Si les assurés de la CIA connaissent actuellement un âge de départ à la retraite sans pénalités (âge pivot) à partir de 62 ans, leurs collègues de la CEH bénéficient de la possibilité d’acquérir une rente pleine à 60 ans déjà. Lors des travaux exploratoires autour de la fusion, le problème de ce différentiel avait été quelque peu escamoté par l’élaboration d’un plan commun de prestations dit « équivalent » qui octroyait cet avantage à l’ensemble des assurés de la future caisse. Le problème, qui refait violemment surface aujourd’hui, repose sur le fait que l’on n’a jamais eu le financement pour un tel plan et que la situation s’est encore aggravée, fin 2009, avec la découverte d’une longévité accrue des pensionnés des deux caisses, par rapport aux tables de mortalité VZ2005 qui devaient initialement servir de référence actuarielle. Et avec un taux de cotisation qui devrait avoisiner finalement les 35,4% (au lieu de 24% pour la CIA et 22% pour la CEH actuellement) pour financer un tel plan, il y a fort à parier que nombreux membres de la CEH verraient d’un mauvais œil qu’une part non-négligable de l’augmentation très importante de leurs cotisation dans cette hypothèse (+60%) servent à améliorer les conditions de retraite de leurs collègues.
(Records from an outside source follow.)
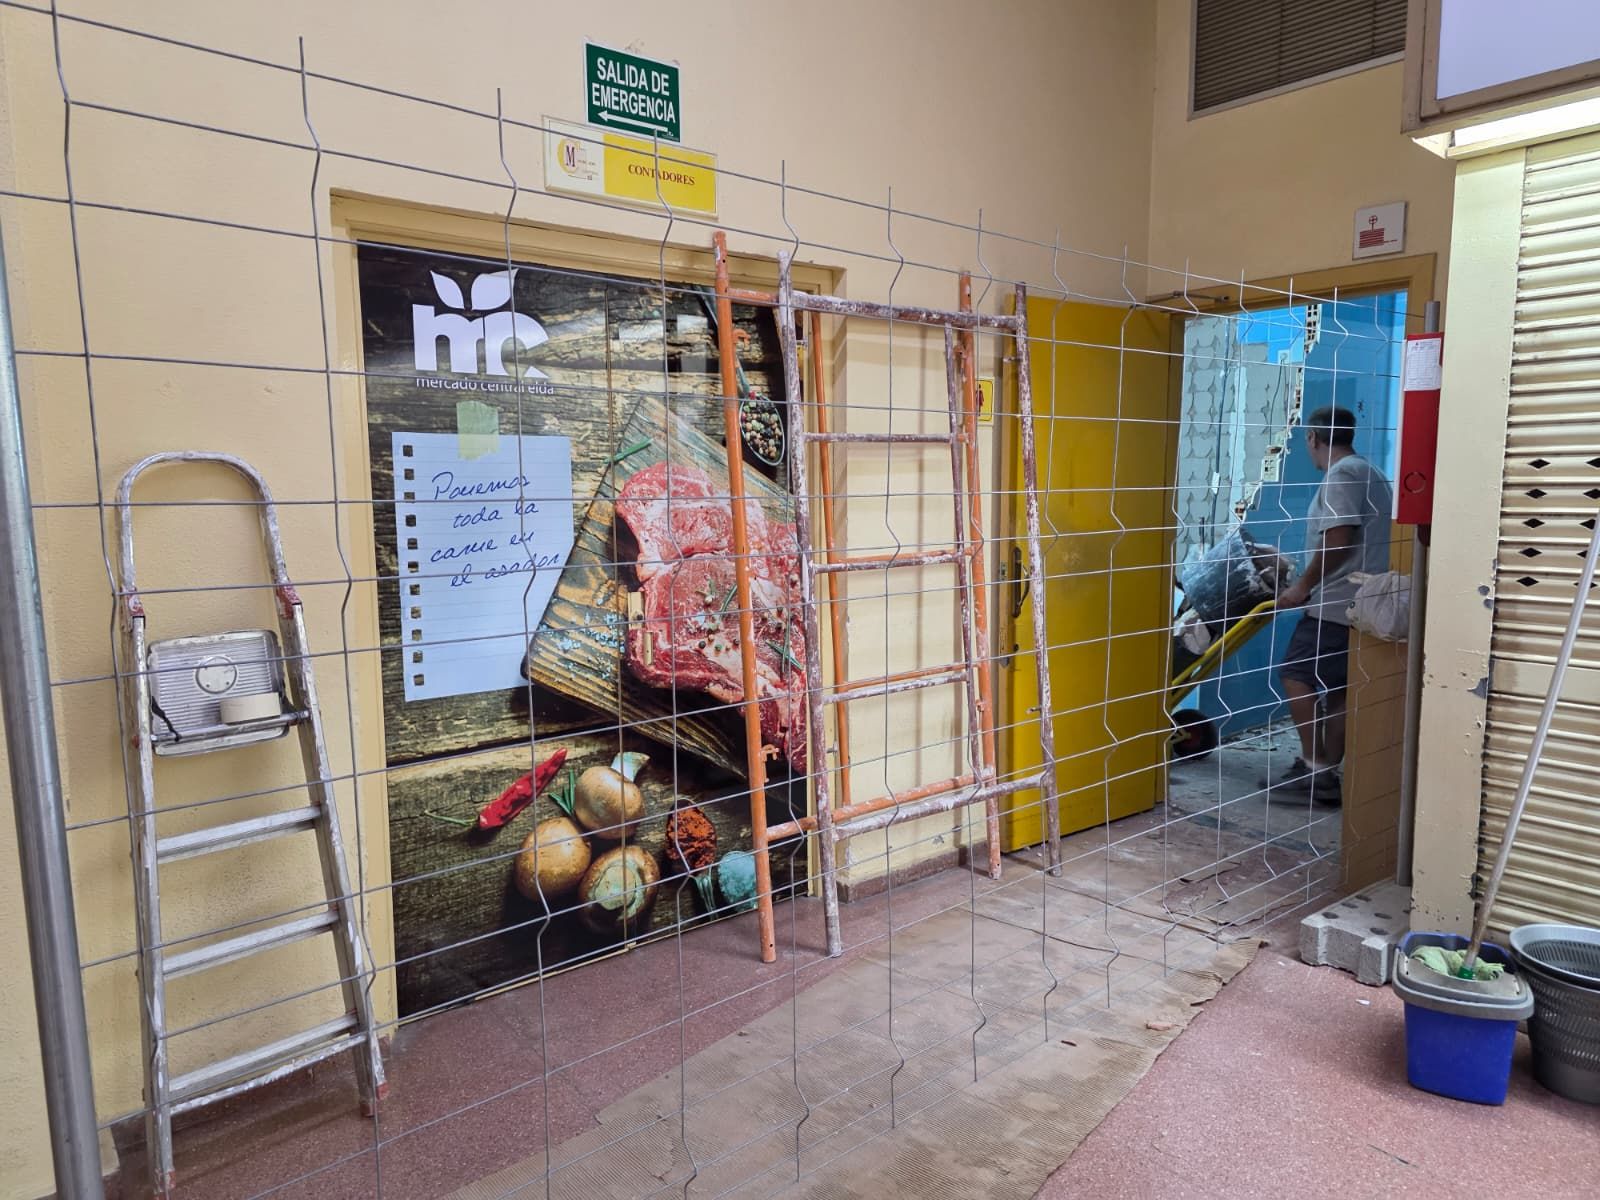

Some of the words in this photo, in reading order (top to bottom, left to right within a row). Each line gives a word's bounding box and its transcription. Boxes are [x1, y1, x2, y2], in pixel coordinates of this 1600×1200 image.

[597, 57, 648, 91] SALIDA
[652, 70, 670, 96] DE
[592, 82, 676, 123] EMERGENCIA
[628, 164, 695, 186] CONTADORES
[416, 376, 477, 390] mercado
[480, 380, 525, 393] central
[528, 381, 554, 395] elda
[432, 471, 530, 500] Ponemos
[453, 505, 503, 529] toda
[515, 497, 539, 516] la
[430, 540, 497, 563] carne
[510, 531, 534, 544] en
[451, 564, 473, 588] el
[485, 553, 560, 578] asador
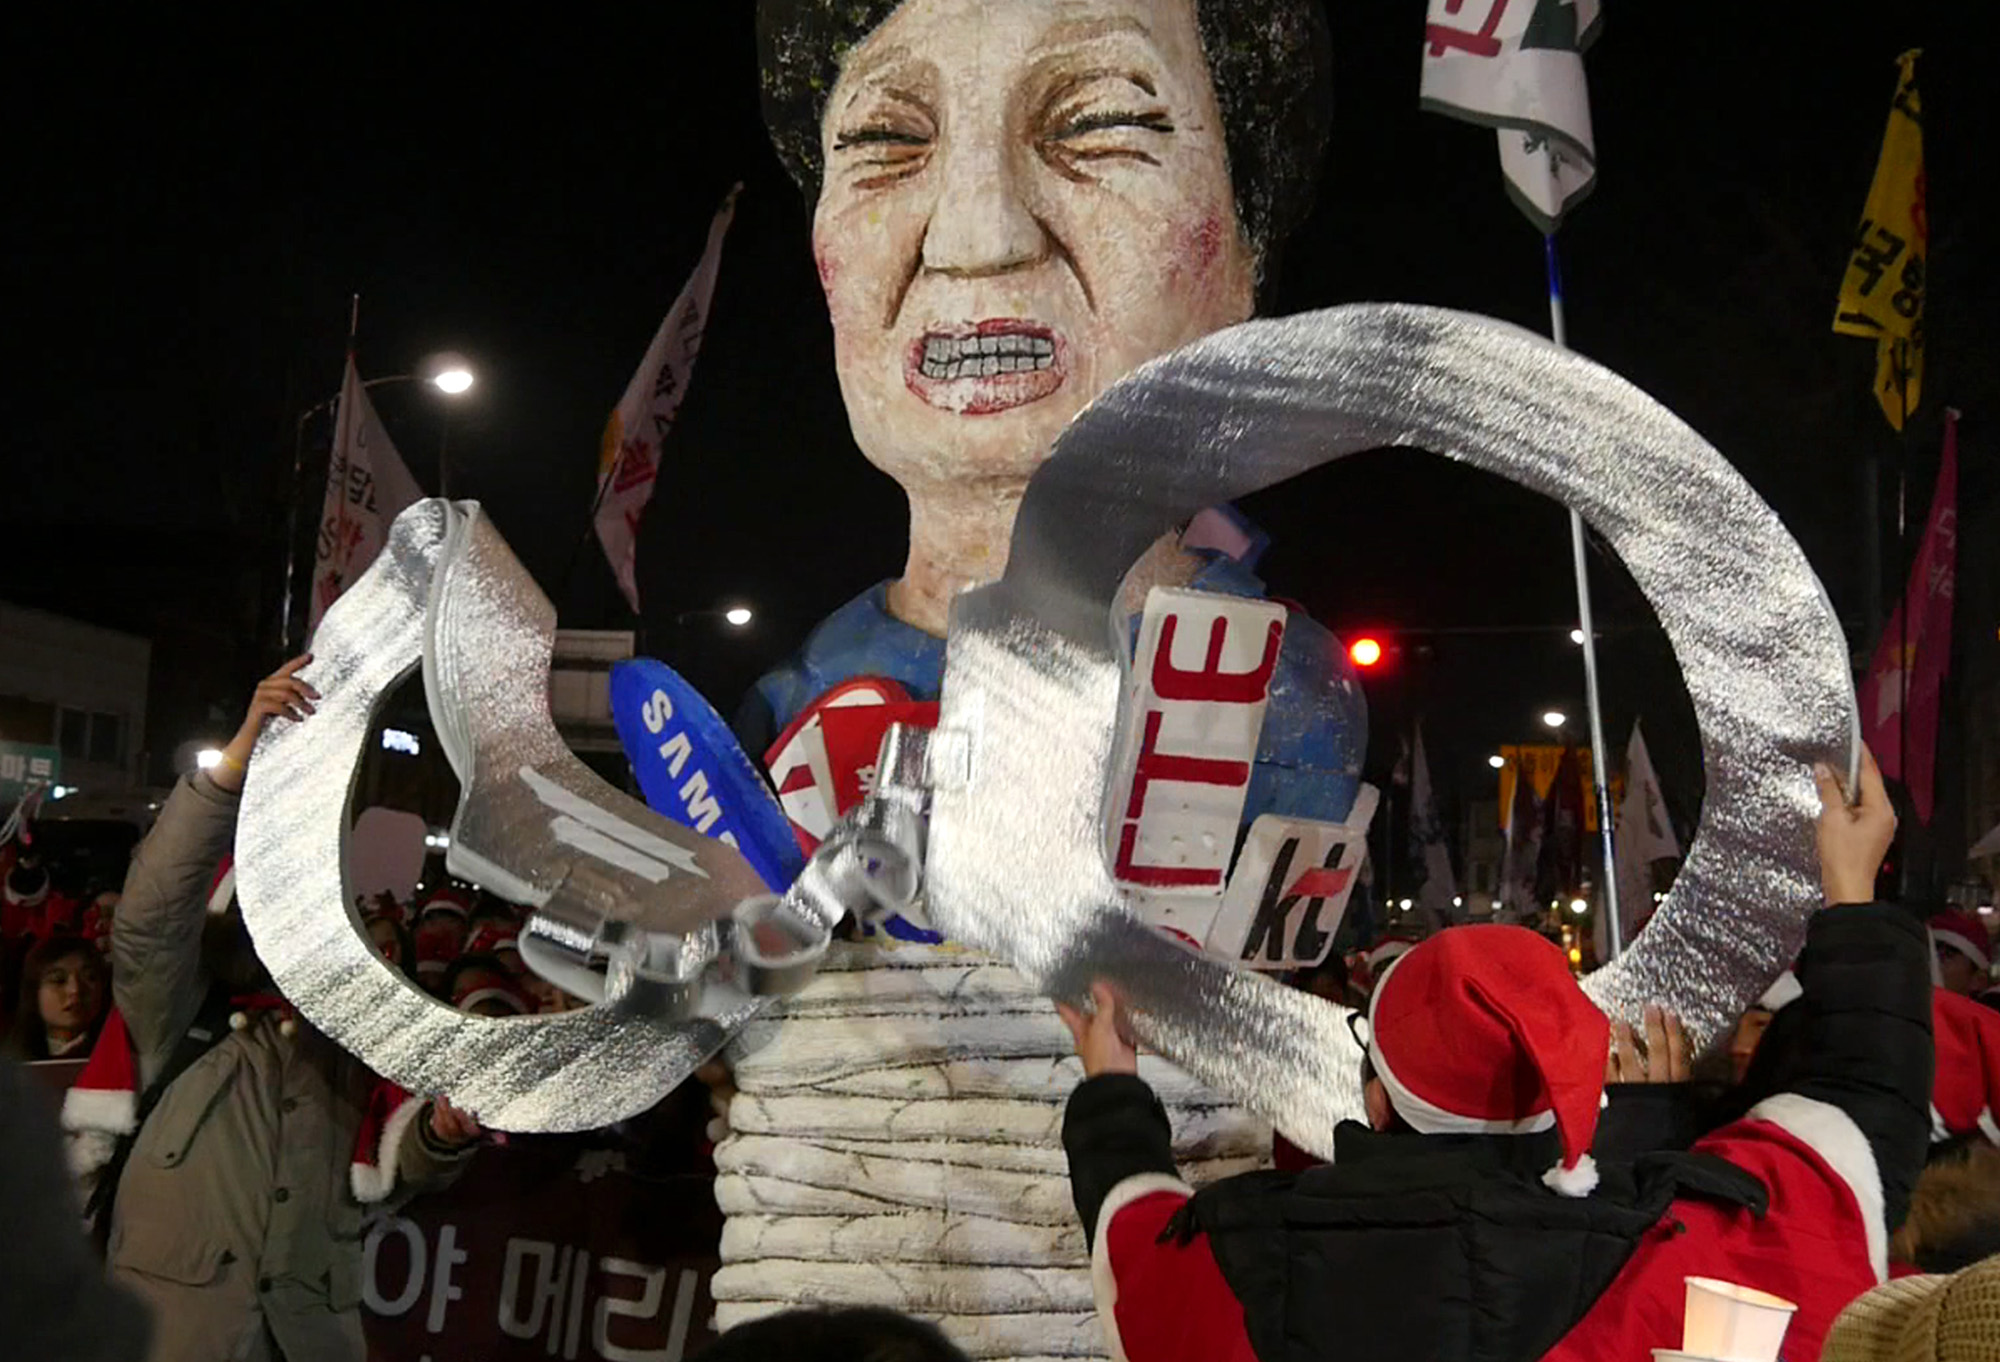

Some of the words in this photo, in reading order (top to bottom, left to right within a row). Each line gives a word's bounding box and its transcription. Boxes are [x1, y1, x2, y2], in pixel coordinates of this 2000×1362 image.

[1241, 837, 1353, 962] kt
[361, 1214, 467, 1334] 야
[498, 1236, 717, 1362] 메리
C’est bien ce qui a conduit le Conseil d’Etat à revoir son projet initial, qui était de trouver des sources de financement au moyen d’adaptations marginales du plan équivalent, pour finalement proposer un nouveau plan de prestations. Une première fois fin avril, avec un projet qui a été refusé successivement par l’Assemblée des délégués du Cartel intersyndical et par l’Assemblée générale de la fonction publique et du secteur subventionné. Une seconde fois, le 29 juillet dernier. Ce dernier plan est toujours basé sur la déduction de coordination du plan Vaudois, qui module, selon l’une de nos exigences, les baisses de prestations en fonction du niveau de salaire. Cela signifie que le montant des retraites des basses classes, à l’âge terme, ne baisse pas, voire sont légèrement augmentées, tandis que les plus hauts salaires voient leurs rente baisser, progressivement jusqu’à environ 11% pour une classe 25. Par contre l’âge pivot est ramené à 63 ans (contre 64), la durée de cotisations à 39 ans (au lieu de 40) et les déductions pour anticipation de départ sont également réduites. A ces améliorations objectives sont venues s’ajouter des mesures transitoires particulièrement avantageuses qui permettront aux salarié-e-s déjà affilié-e-s de faire valoir l’intégralité de leurs droits acquis sous l’ancien plan dans le nouveau.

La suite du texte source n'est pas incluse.